*** Records provided ***

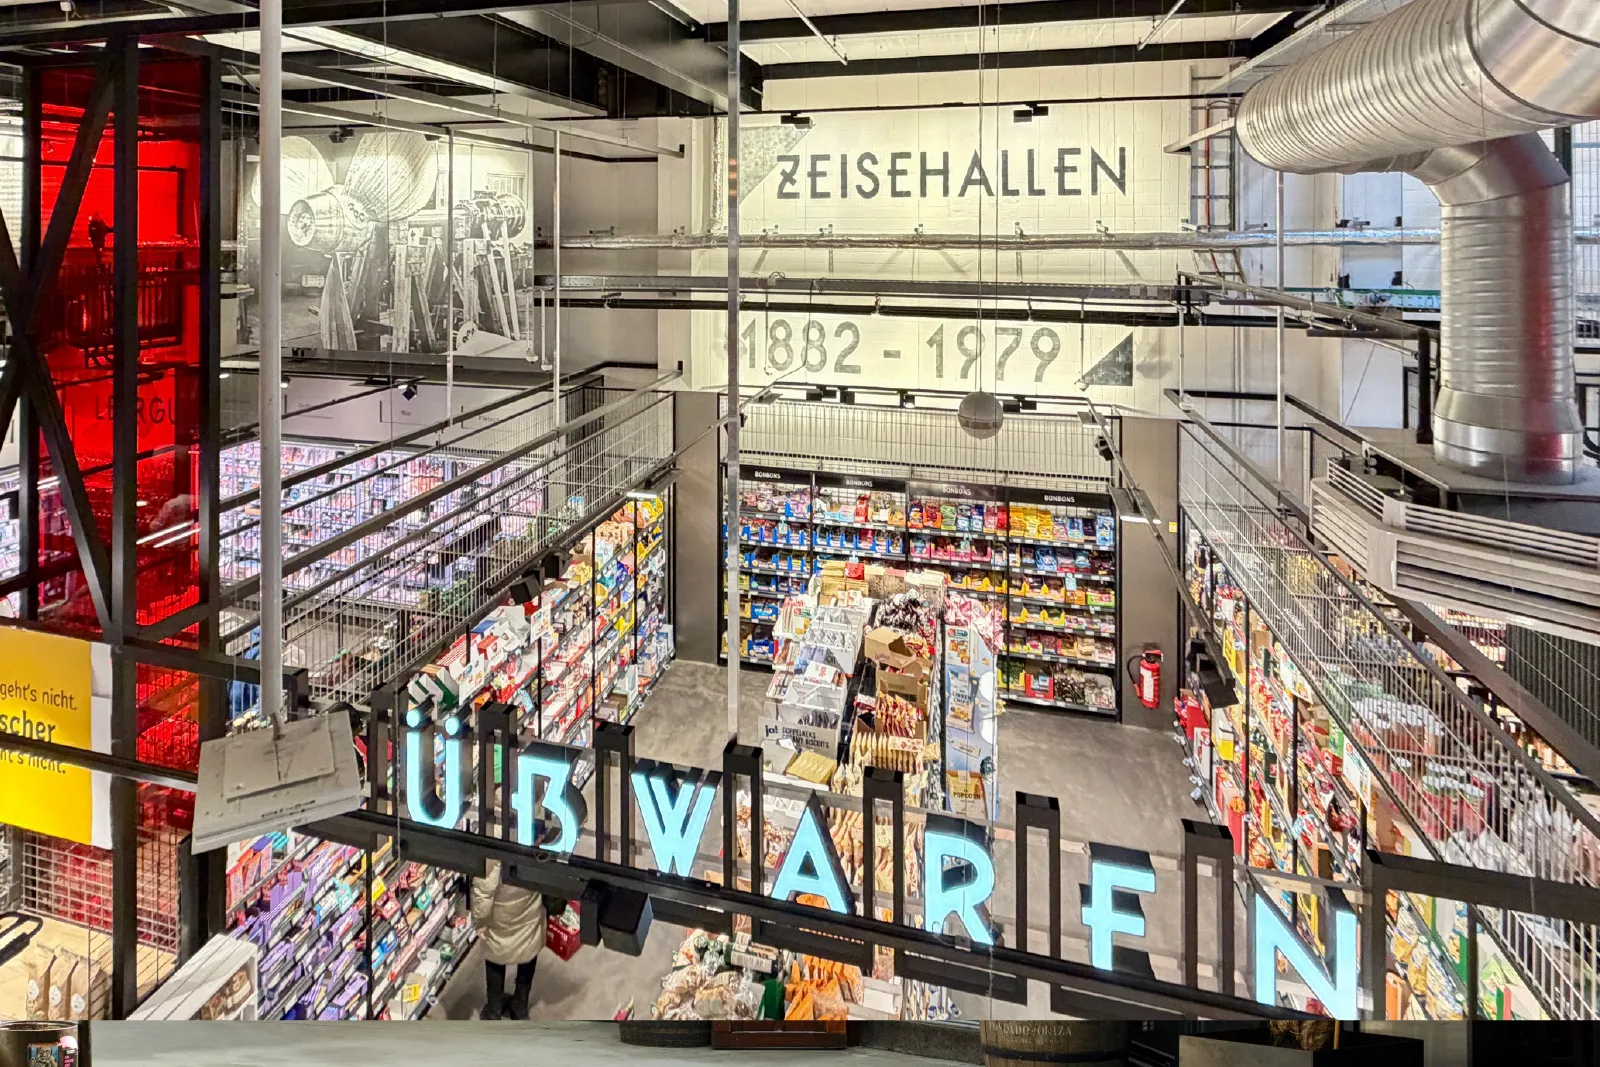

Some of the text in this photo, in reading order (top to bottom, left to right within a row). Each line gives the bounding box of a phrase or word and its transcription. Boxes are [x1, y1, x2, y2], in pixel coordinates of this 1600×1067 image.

[776, 147, 1127, 199] ZEISEHALLEN
[741, 317, 862, 374] 1882
[926, 324, 1061, 382] 1979
[755, 471, 781, 480] BONBONS
[846, 479, 873, 488] BONBONS
[1044, 494, 1075, 503] BONBONS
[42, 688, 78, 711] nicht.
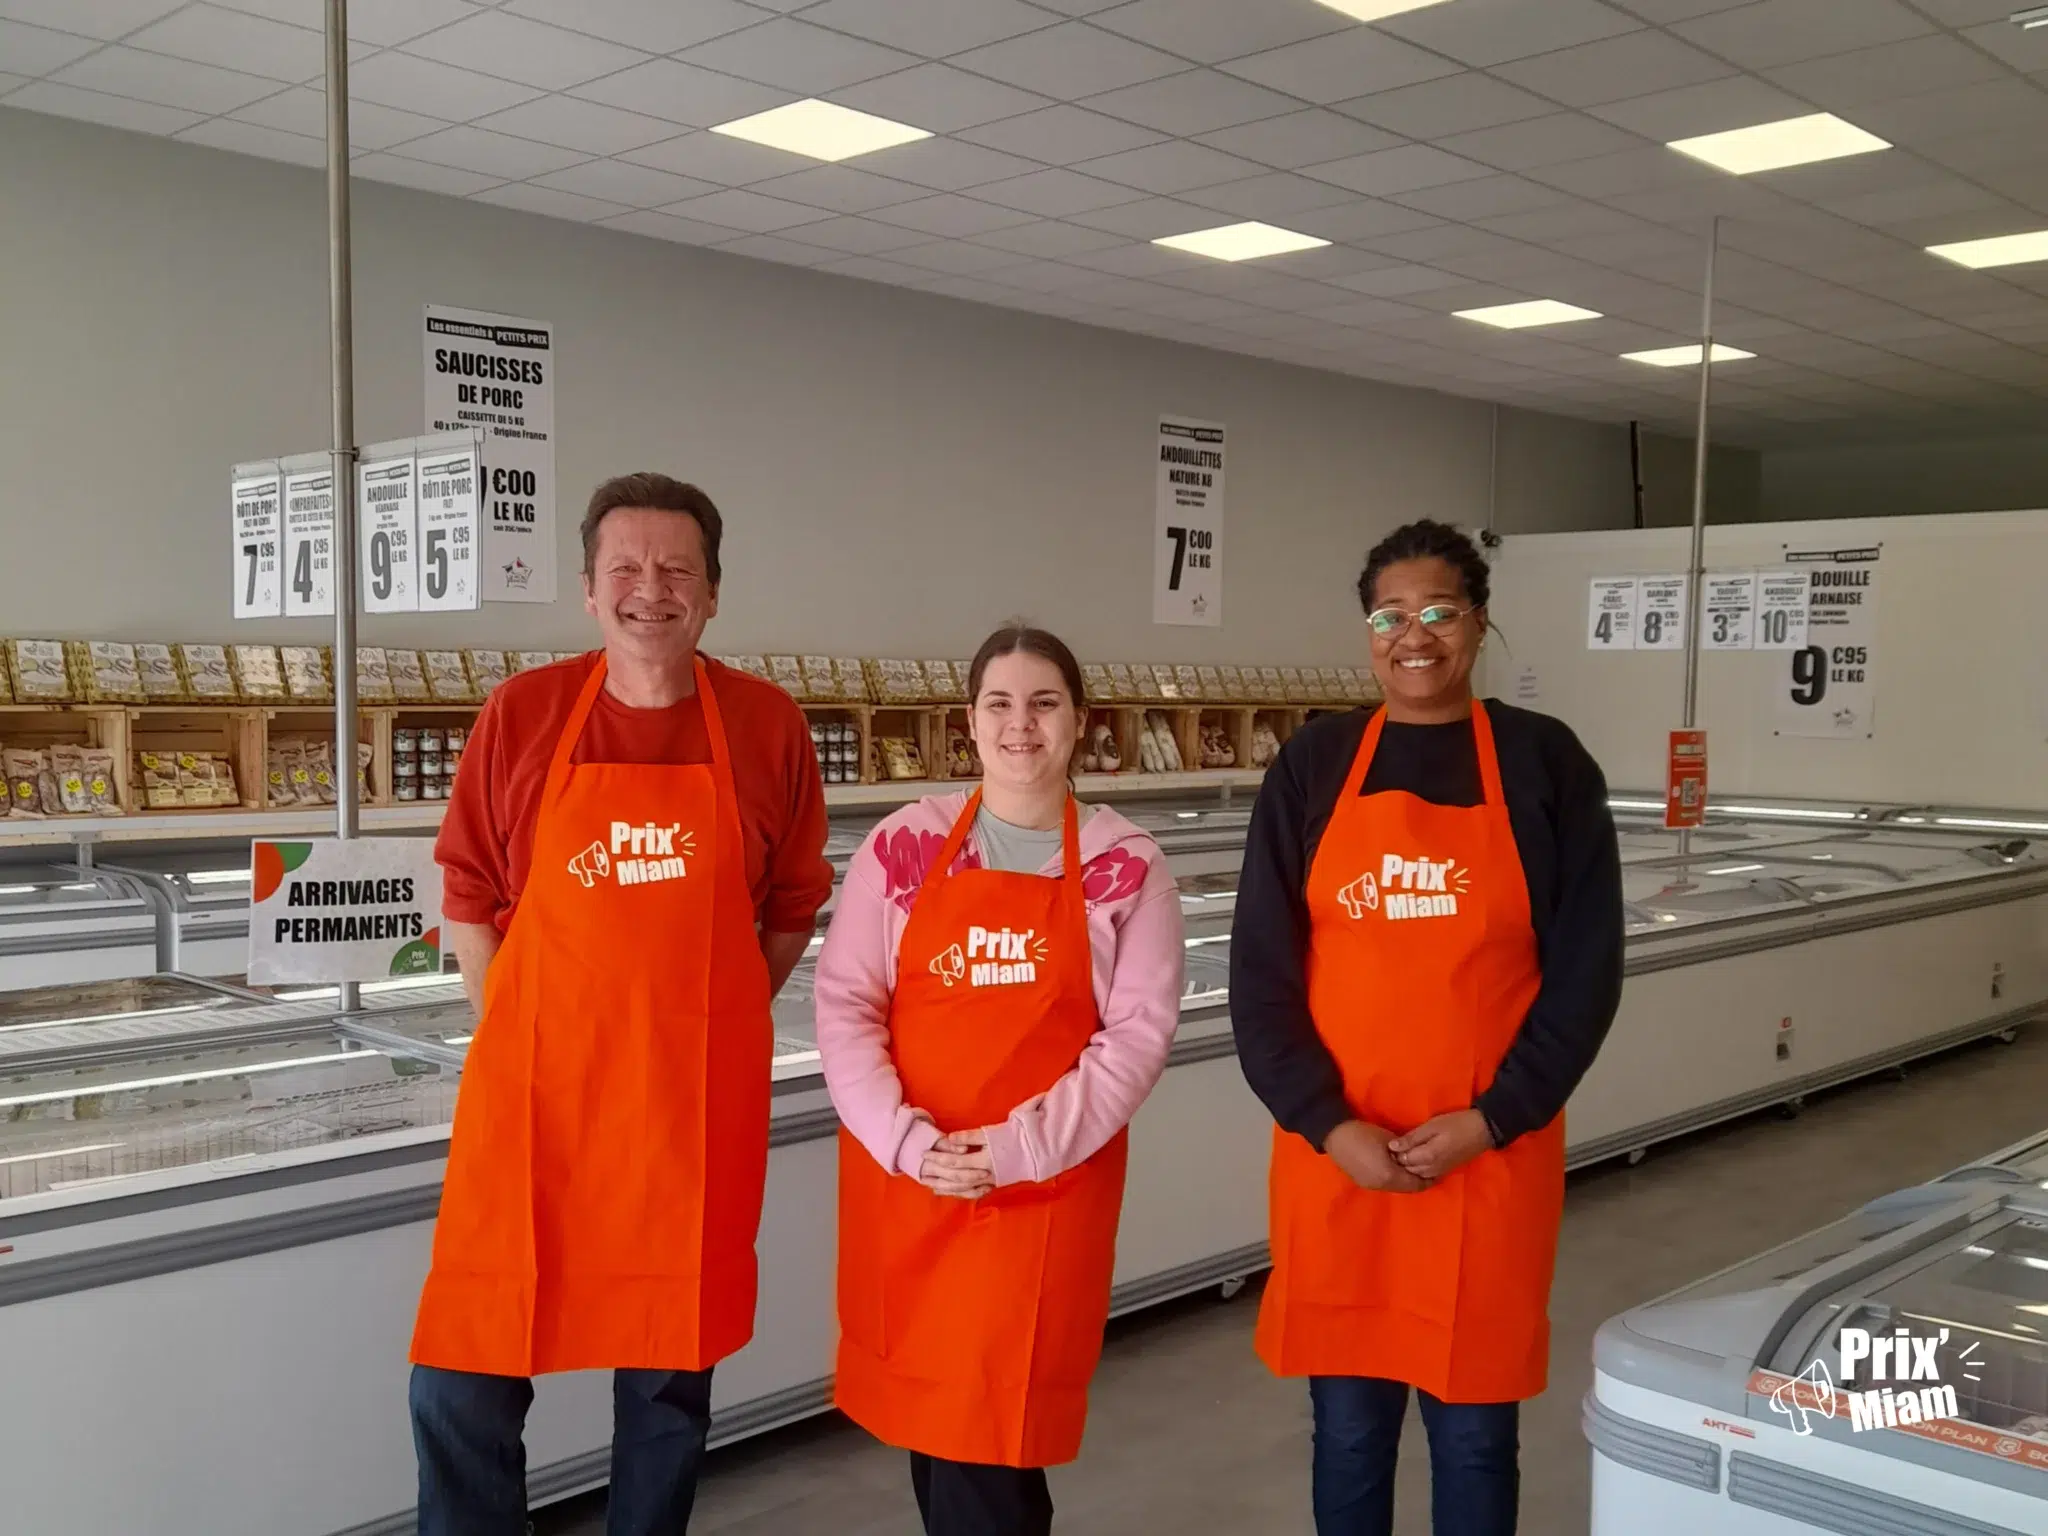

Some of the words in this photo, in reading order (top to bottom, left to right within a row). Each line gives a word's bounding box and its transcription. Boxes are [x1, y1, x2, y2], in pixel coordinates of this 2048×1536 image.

[430, 320, 444, 331] Les
[445, 322, 487, 338] essentiels
[487, 326, 493, 338] à
[496, 331, 526, 344] PETITS
[527, 334, 548, 345] PRIX
[435, 348, 543, 385] SAUCISSES
[458, 383, 477, 404] DE
[481, 386, 523, 409] PORC
[434, 420, 444, 431] 40
[445, 422, 450, 431] x
[494, 427, 521, 438] Origine
[522, 429, 547, 441] France
[457, 410, 497, 424] CAISSETTE
[498, 414, 506, 425] DE
[508, 416, 513, 425] 5
[514, 416, 524, 426] KG
[1161, 444, 1222, 470] ANDOUILLETTES
[422, 479, 440, 500] RÔTI
[441, 479, 450, 496] DE
[451, 477, 472, 495] PORC
[492, 468, 536, 497] €00
[1169, 469, 1200, 486] NATURE
[367, 482, 408, 503] ANDOUILLE
[252, 501, 260, 517] DE
[493, 501, 510, 521] LE
[514, 502, 535, 523] KG
[370, 531, 392, 600] 9
[392, 550, 398, 563] LE
[398, 550, 407, 562] KG
[426, 529, 448, 599] 5
[453, 549, 459, 561] LE
[460, 547, 469, 560] KG
[1167, 526, 1187, 591] 7
[1189, 552, 1198, 567] LE
[1199, 553, 1211, 569] KG
[243, 544, 258, 606] 7
[293, 540, 313, 603] 4
[1594, 612, 1613, 643] 4
[1644, 611, 1662, 644] 8
[1712, 614, 1728, 643] 3
[1761, 609, 1788, 644] 10
[1791, 645, 1828, 706] 9
[1832, 668, 1845, 682] LE
[1847, 668, 1865, 683] KG
[611, 821, 680, 855] Prix'
[616, 857, 686, 886] Miam
[1381, 853, 1455, 891] Prix'
[287, 878, 414, 907] ARRIVAGES
[1385, 893, 1457, 920] Miam
[275, 912, 422, 943] PERMANENTS
[967, 926, 1034, 960] Prix'
[971, 961, 1036, 987] Miam
[1940, 1428, 1988, 1446] PLAN

*** End of Records provided ***

Copy all of the data word for word, and keep the pictures out of it.

Exercise response
Some of the text in this photo, in reading order (top to bottom, left to right within a row). Each line gives the bounding box of a phrase or word and its transcription. Boxes are [x1, y1, x2, y2], in pixel coordinates of this 1600×1067 image.

[776, 147, 1127, 199] ZEISEHALLEN
[741, 317, 862, 374] 1882
[926, 324, 1061, 382] 1979
[755, 471, 781, 480] BONBONS
[846, 479, 873, 488] BONBONS
[1044, 494, 1075, 503] BONBONS
[42, 688, 78, 711] nicht.

Some of the words in this photo, in reading order (top to bottom, left to right within a row). Each line gives a word's bounding box and its transcription. Boxes are [x1, y1, x2, y2], in pixel coordinates of this 2048×1536 image.

[430, 320, 444, 331] Les
[445, 322, 487, 338] essentiels
[487, 326, 493, 338] à
[496, 331, 526, 344] PETITS
[527, 334, 548, 345] PRIX
[435, 348, 543, 385] SAUCISSES
[458, 383, 477, 404] DE
[481, 386, 523, 409] PORC
[434, 420, 444, 431] 40
[445, 422, 450, 431] x
[494, 427, 521, 438] Origine
[522, 429, 547, 441] France
[457, 410, 497, 424] CAISSETTE
[498, 414, 506, 425] DE
[508, 416, 513, 425] 5
[514, 416, 524, 426] KG
[1161, 444, 1222, 470] ANDOUILLETTES
[422, 479, 440, 500] RÔTI
[441, 479, 450, 496] DE
[451, 477, 472, 495] PORC
[492, 468, 536, 497] €00
[1169, 469, 1200, 486] NATURE
[367, 482, 408, 503] ANDOUILLE
[252, 501, 260, 517] DE
[493, 501, 510, 521] LE
[514, 502, 535, 523] KG
[370, 531, 392, 600] 9
[392, 550, 398, 563] LE
[398, 550, 407, 562] KG
[426, 529, 448, 599] 5
[453, 549, 459, 561] LE
[460, 547, 469, 560] KG
[1167, 526, 1187, 591] 7
[1189, 552, 1198, 567] LE
[1199, 553, 1211, 569] KG
[243, 544, 258, 606] 7
[293, 540, 313, 603] 4
[1594, 612, 1613, 643] 4
[1644, 611, 1662, 644] 8
[1712, 614, 1728, 643] 3
[1761, 609, 1788, 644] 10
[1791, 645, 1828, 706] 9
[1832, 668, 1845, 682] LE
[1847, 668, 1865, 683] KG
[611, 821, 680, 855] Prix'
[616, 857, 686, 886] Miam
[1381, 853, 1455, 891] Prix'
[287, 878, 414, 907] ARRIVAGES
[1385, 893, 1457, 920] Miam
[275, 912, 422, 943] PERMANENTS
[967, 926, 1034, 960] Prix'
[971, 961, 1036, 987] Miam
[1940, 1428, 1988, 1446] PLAN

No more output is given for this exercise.